This editorial is the fourth in a series on issues facing Minnesota’s aging population.

“Misery acquaints a man with strange bedfellows” was penned by Shakespeare in 1610.

“Poverty has strange bedfellows” and “necessity makes strange bedfellows” were 19th Century adaptations leading up to the more familiar “Politics makes strange bedfellows” written in 1850 by Hartford, Connecticut, Courant editor Charles Warner.

No greater historic proof of the truth of these adaptions exists beyond the overwhelming Democrat/Republican congressional support of the 1935 Social Security Act and the Older Americans Act of 1965. Poverty, necessity and politics all played a role in passage of the 1935 Social Security Act with only 39 nays among the 527 Senate and House members. All three elements were also involved when the Older Americans Act passed in 1965 with only six nay votes from the 533 congressional members.

That both of these acts were passed because of unlikely alliances has great significance to the current Adams Publishing - ECM Editorial Board 2019 series “The Aging of Minnesota.” Poverty, necessity and politics are all present in the current aging issues. And, just as in 1935 and 1965, the problems are big and the solutions few.

Although impetus behind the development and eventual passage of the two acts was varied and complex, economic support for the needy (in particular the aged) was the leading motivator for both.

Social Security was born during the worst economic crisis in American history. Millions of people were unemployed. A majority of elderly lived in poverty and dependency.

The Older Americans Act came as part of President Lyndon Johnson’s War on Poverty. It was fueled by data showing more than 19% of Americans were impoverished, including a disproportionate number of citizens over 60 years of age, and congressional concerns about the lack of community social services for senior citizens.

Over 80 years has passed since enactment of Social Security and over 50 years since passage of the Older Americans Act, and we are again facing the same dilemma, widespread incidents of elderly living in poverty.

Gloomy, if not dire, numbers have surfaced in the past five years showing that a large percentage of baby boomers (Americans born between 1946 and 1964) have inadequate funds to support themselves after retirement. Meeting the basic needs of this group (which could number in the thousands in Minnesota) will put a strain on public social systems and tax revenues.

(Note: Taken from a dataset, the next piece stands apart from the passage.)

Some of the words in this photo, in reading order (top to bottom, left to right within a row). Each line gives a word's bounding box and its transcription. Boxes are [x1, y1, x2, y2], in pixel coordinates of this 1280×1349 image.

The reality and seriousness of this has experts forecasting calamity that will reach a head in the next 10 years.

Already, data from the Consumer Bankruptcy Project shows that bankruptcy filings by people 65 and older are climbing. There has been more than a twofold increase in the rate at which older Americans file for bankruptcy protection and almost fivefold jump in the percentage of older persons in the bankruptcy system.

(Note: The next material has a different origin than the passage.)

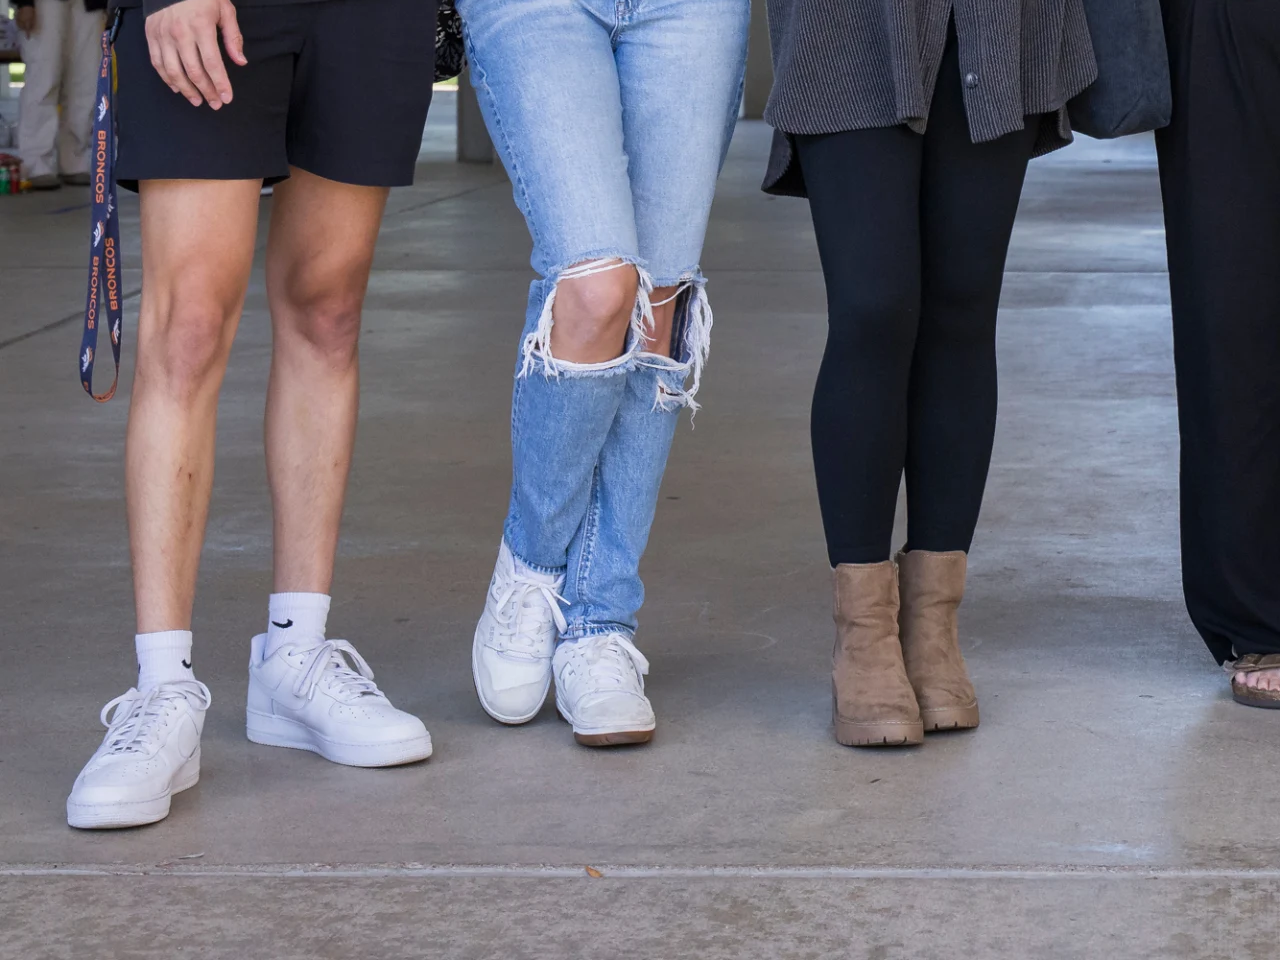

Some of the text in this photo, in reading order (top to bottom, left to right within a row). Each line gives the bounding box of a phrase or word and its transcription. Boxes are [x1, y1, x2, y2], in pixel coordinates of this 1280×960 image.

[95, 130, 106, 204] BRONCOS
[87, 255, 100, 330] BRONCOS
[104, 237, 119, 311] BRONCOS

“The social safety net for older Americans has been shrinking for the past couple decades,” according to the project’s 2018 report. “The risks associated with aging, reduced income and increased health care costs have been offloaded onto older individuals.”

It would seem that bold initiatives, similar to Social Security and the Older Americans Act, are needed once again. The enormity of the issues could cause “heads stuck in the sand” reactions by congressional leaders, but this is not a time for hesitancy or indecisiveness. The problems need solutions.

The same factors that made strange bedfellows necessary in 1935 and 1965 are back before us today. To not act or delay acting will result in thousands of elderly living in poverty with few options for relief.

This wasn’t something our political leaders accepted 80 and 50 years ago, and something we shouldn’t be tolerating today.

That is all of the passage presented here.